* **Problem statement**
Apart from the pictures, the listing is to be returned exactly.

►

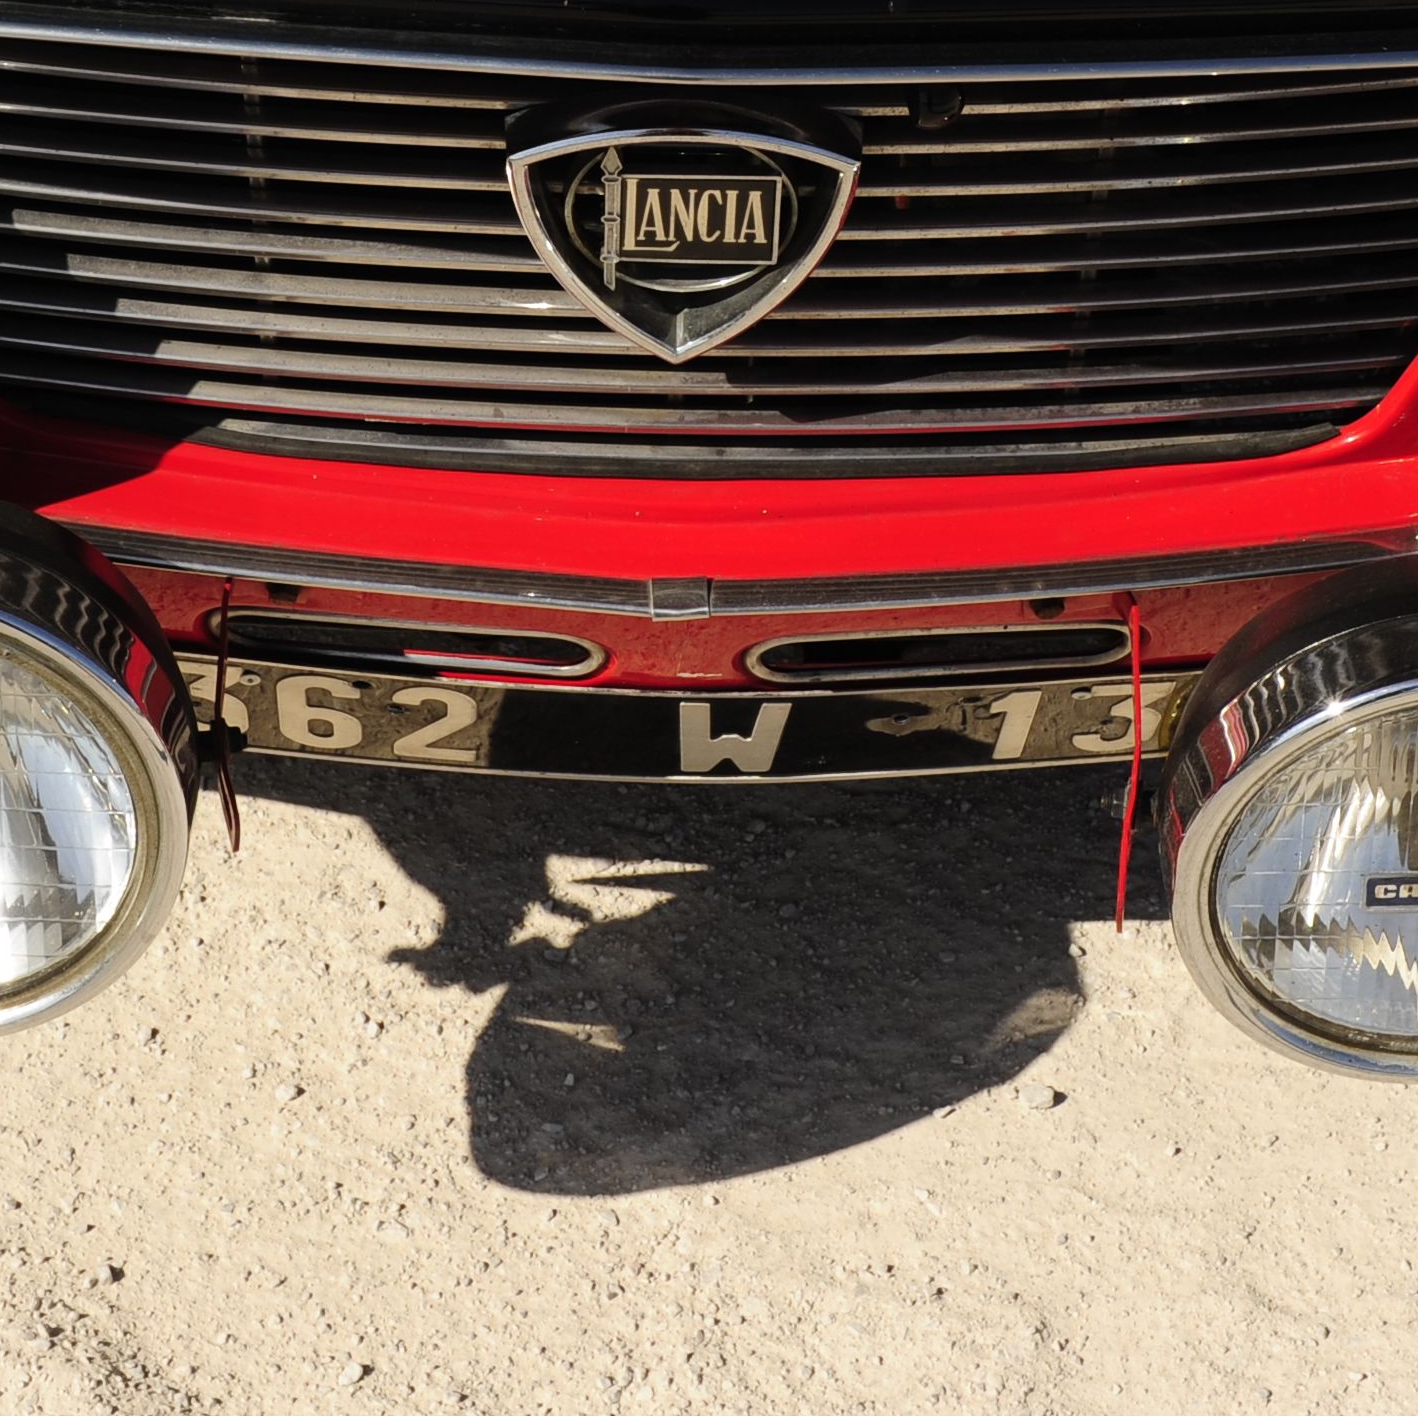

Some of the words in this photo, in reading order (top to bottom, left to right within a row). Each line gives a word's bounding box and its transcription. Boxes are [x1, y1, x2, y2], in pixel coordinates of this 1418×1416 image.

[621, 177, 768, 252] LANCIA
[680, 702, 792, 772] W
[991, 681, 1176, 760] 13
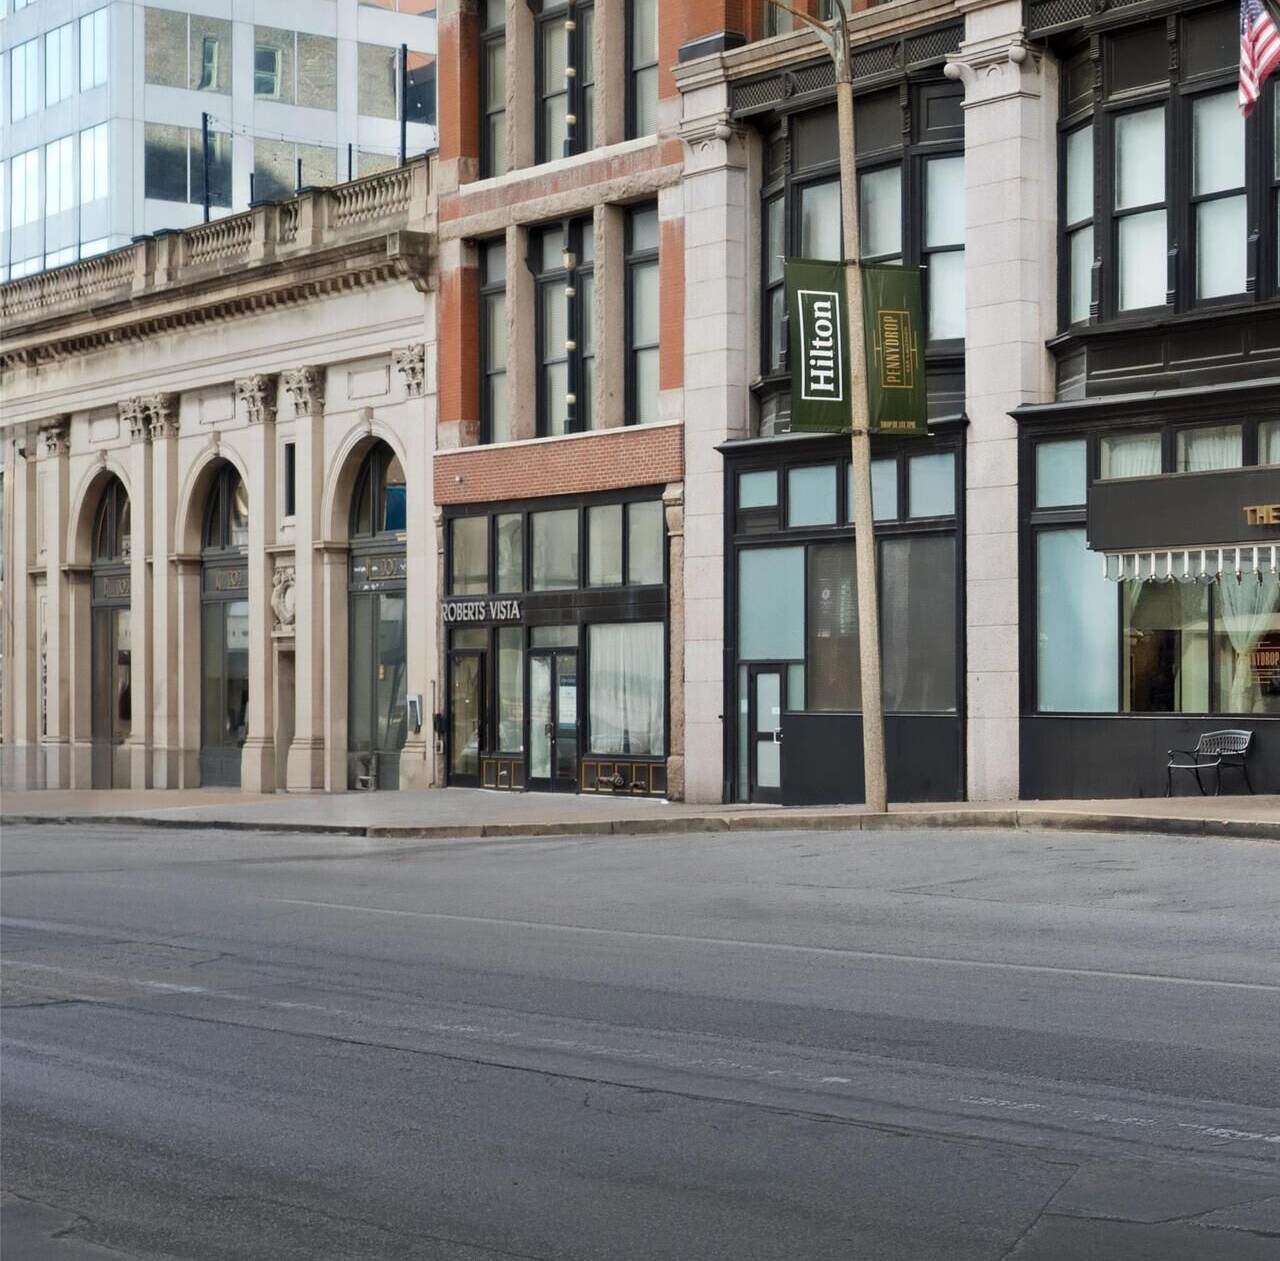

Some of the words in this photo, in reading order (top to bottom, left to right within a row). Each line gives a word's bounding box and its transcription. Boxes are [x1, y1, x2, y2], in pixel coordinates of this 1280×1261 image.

◄

* **Your response**
Some of the words in this photo, in reading order (top to bottom, left to right within a row). Each line gives a word's bounding box and its transcription. Boxes are [x1, y1, x2, y2], in pixel coordinates of this 1418×1416 image.

[621, 177, 768, 252] LANCIA
[680, 702, 792, 772] W
[991, 681, 1176, 760] 13

Some of the words in this photo, in reading order (top to bottom, left to right within a row). Each line gives a word's bounding box and its transcription. Boxes are [x1, y1, x2, y2], in pixel coordinates of this 1280×1261 image.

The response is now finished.